**What to work on**
Every record that follows should be written out word for word; the pictures stay out.

**Extracted information**
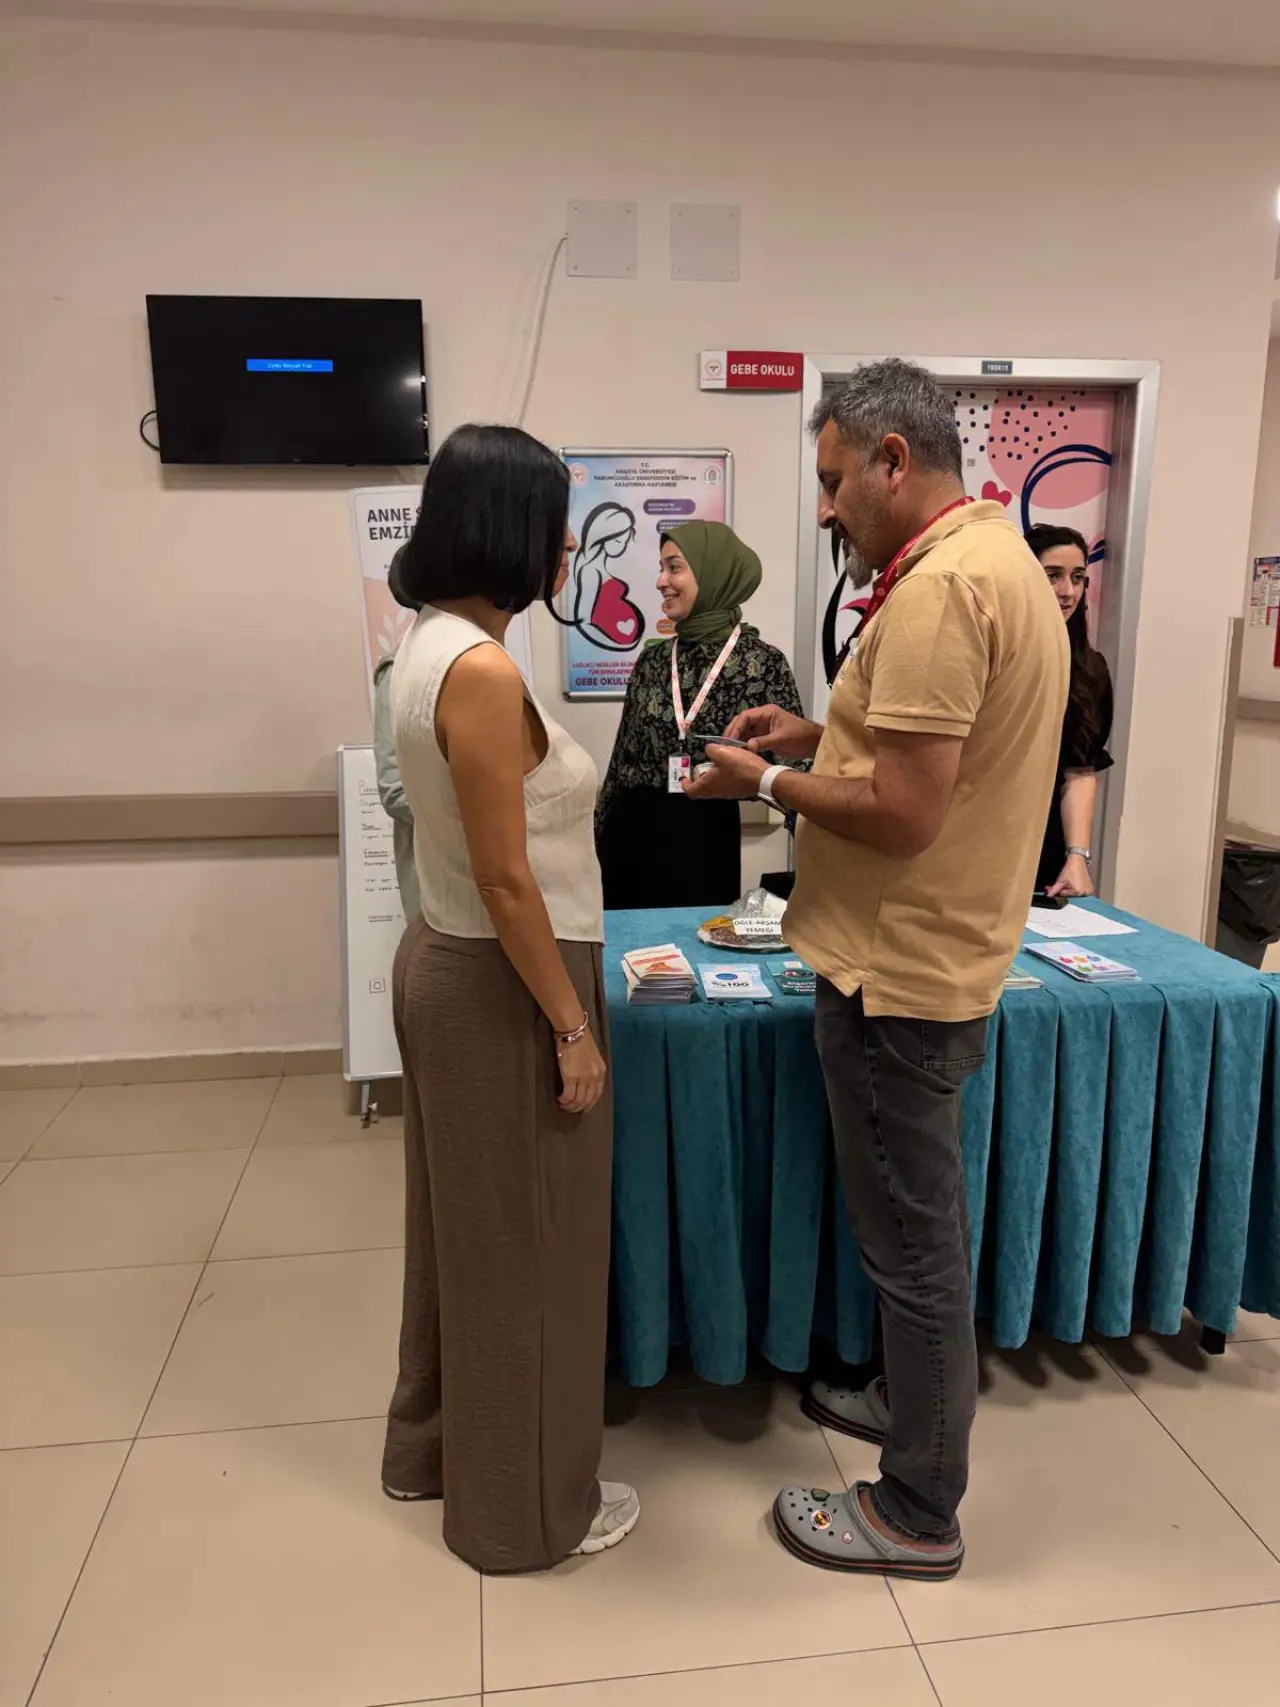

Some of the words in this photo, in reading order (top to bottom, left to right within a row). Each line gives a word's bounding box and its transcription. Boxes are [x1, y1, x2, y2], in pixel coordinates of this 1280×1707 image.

[730, 364, 758, 375] GEBE
[760, 364, 795, 376] OKULU
[367, 508, 412, 523] ANNE
[575, 677, 599, 686] GEBE
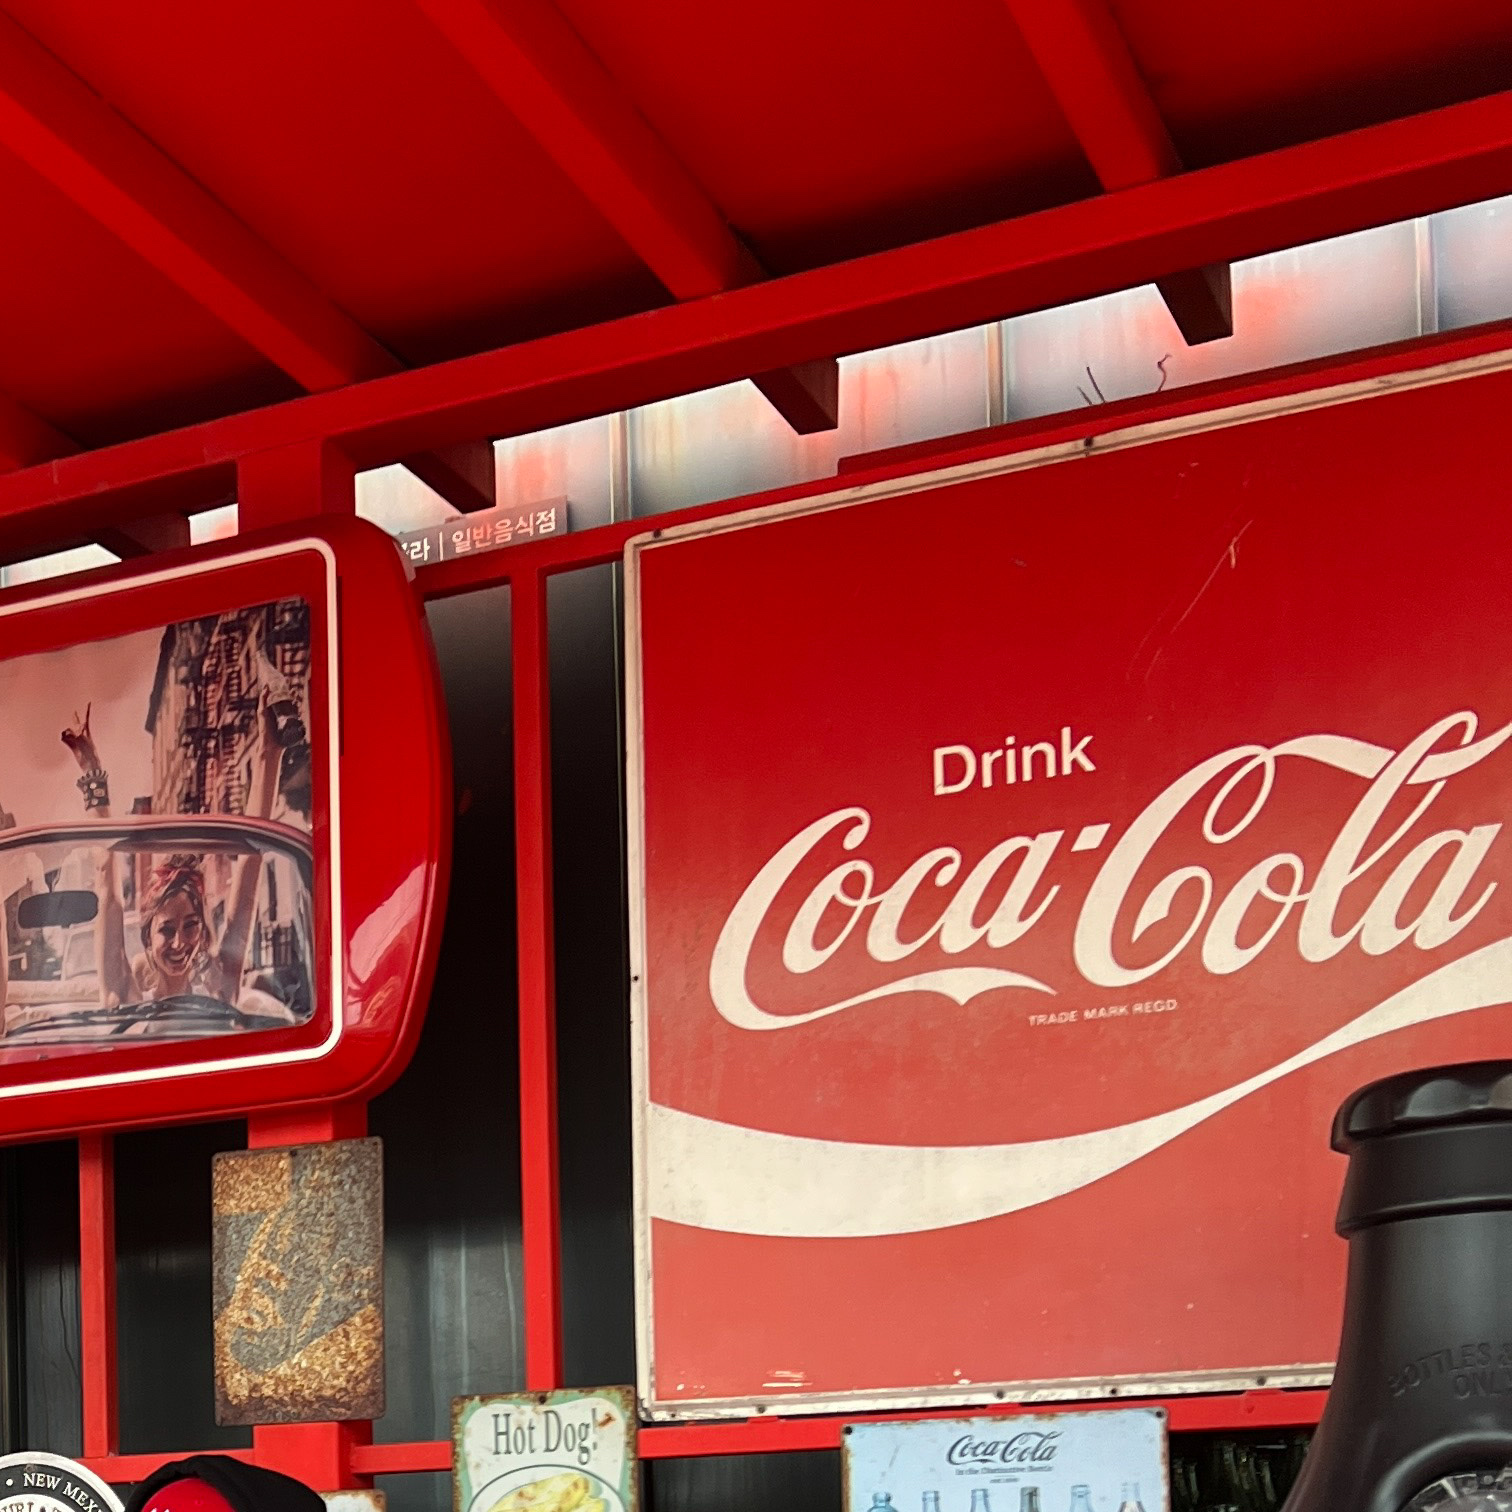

**Answer to this task**
Some of the words in this photo, in reading order (top to bottom, left to right within a row). Each line gives a word's bounding box and its transcription. Boxes are [x1, y1, x2, y2], in pixel coordinates of this 1280×1707 image.

[730, 364, 758, 375] GEBE
[760, 364, 795, 376] OKULU
[367, 508, 412, 523] ANNE
[575, 677, 599, 686] GEBE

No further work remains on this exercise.